The Grand Tour: Carla Bozulich and the Geraldine Fibbers

by Jason Cherkis
Option, December 1994

Carla Bozulich is laid up on a red leather couch in her living room looking a little tweaked. It's a swampy Tuesday evening in the Echo Park neighborhood of Los Angeles, and Bozulich, leader of the Geraldine Fibbers, is craving a Marlboro Light--bad. She quit cigarettes 48 hours ago and is hopelessly praying on the smoker's patch fused to her right arm.

"I want to smoke right now," she confesses, rocking back and forth, her knobby knees pressed hard against her chest. "I'm losing my conviction. I'm losing it already."

For Bozulich, giving up nicotine is just one more step away from a past that has threatened her at every turn. Following an entire young adulthood of living the life of what she calls "a junkie whore," in which a drug habit drove her to prostitution, the 28 year-old singer has remained clean for seven years--and has been constantly searching for a musical antidote. In that time, she formed techno-industrial sensations Ethyl Meatplow, an underground boho band that rose from obscurity with its major label debut Happy Days, Sweetheart (Dali/Elektra) and the controversial anti-crack dancefloor hit, "Smokin On the Devil's Johnson." Then suddenly it was all over. The label dissolved, and a rift within the band over whether to add real guitars to their sound proved irreparable. Bozulich was not prepared for the untimely break-up.

"I didn't want it to end," she says. "It felt terrible, I felt like I had been"--she pauses to take a breath--"I felt like I had been beaten down for standing up for myself. I stand up for myself and I got my tail cut off."

Today Bozulich is on the brink of redemption, banking on a quite different musical route. As singer and guitarist for the Fibbers, she tangles the roots of techno-industrial's exact opposite--country music. Behind her husky, lonesome-dove vocal delivery, the Fibbers grind out tear-stained C&W with the drone of the Velvet Underground and the twang of the Flying Burritos. Her cheeks blotchy with mascara and lips flaming red, Bozulich sings so soul-fully that your heart aches right along with hers. Bleached-blonde streaks melt into her brown bob haircut, making the singer appear at once tough and crushingly vulnerable. "That's just the kind of character that I have," she says flatly, "I like things that are on the fringe, that reflect both sides."

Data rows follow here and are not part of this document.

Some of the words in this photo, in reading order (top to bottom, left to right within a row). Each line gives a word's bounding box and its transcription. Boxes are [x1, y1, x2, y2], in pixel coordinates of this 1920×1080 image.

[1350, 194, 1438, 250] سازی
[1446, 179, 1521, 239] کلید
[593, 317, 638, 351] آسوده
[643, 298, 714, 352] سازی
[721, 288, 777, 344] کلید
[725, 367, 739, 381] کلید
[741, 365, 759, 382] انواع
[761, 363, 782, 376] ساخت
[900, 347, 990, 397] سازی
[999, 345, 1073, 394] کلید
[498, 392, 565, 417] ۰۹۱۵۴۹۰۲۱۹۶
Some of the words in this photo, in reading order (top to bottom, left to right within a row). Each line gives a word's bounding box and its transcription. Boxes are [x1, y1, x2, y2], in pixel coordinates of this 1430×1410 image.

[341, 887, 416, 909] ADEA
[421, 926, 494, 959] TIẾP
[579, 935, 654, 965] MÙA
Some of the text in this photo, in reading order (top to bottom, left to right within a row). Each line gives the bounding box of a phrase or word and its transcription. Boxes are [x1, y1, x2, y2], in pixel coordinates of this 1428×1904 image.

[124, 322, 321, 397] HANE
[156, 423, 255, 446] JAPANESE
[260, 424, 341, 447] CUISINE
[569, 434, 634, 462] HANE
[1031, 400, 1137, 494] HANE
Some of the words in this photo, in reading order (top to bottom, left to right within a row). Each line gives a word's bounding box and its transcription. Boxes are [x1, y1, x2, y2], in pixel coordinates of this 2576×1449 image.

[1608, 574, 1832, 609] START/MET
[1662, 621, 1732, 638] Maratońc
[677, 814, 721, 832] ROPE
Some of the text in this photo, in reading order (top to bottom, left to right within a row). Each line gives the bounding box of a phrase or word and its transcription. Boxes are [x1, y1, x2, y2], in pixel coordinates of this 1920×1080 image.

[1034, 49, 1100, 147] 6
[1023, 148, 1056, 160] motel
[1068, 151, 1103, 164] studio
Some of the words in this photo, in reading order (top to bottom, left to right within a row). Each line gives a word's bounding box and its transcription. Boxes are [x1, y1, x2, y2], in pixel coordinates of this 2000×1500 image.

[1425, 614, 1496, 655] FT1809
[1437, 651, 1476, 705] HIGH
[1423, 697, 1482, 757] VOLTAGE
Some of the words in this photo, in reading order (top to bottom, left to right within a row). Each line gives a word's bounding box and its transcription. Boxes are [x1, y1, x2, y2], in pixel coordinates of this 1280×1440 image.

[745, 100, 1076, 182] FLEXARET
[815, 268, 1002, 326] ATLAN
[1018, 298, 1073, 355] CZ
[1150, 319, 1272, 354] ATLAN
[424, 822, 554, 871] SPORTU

During the Fibbers' regular gigs at L.A. nightspots like Luna Park or Fuzzyland, a converted bowling alley, Bozulich leaves her black leather, Ethyl Meatplow dominatrix get-up behind in favor of short flower-print dresses. Onstage, she howls and vamps like a grevious angel, but with only a hint of high drama. Whether wistfully covering George Jones' "The Grand Tour" or singing about her addiction to painkillers in "Marmalade," Bozulich seems to be in full control this time. During the more intense instrumental moments of songs like "Get Thee Gone," the title track of the Fibbers' debut ten-inch on Sympathy for the Record Industry label, she sometimes gazes skyward and flashes a grin the size of Texas. When she croons "I've never learned nothin but hunger and fear" in the song "Outside of Town," you get the feeling that she's found a new teacher.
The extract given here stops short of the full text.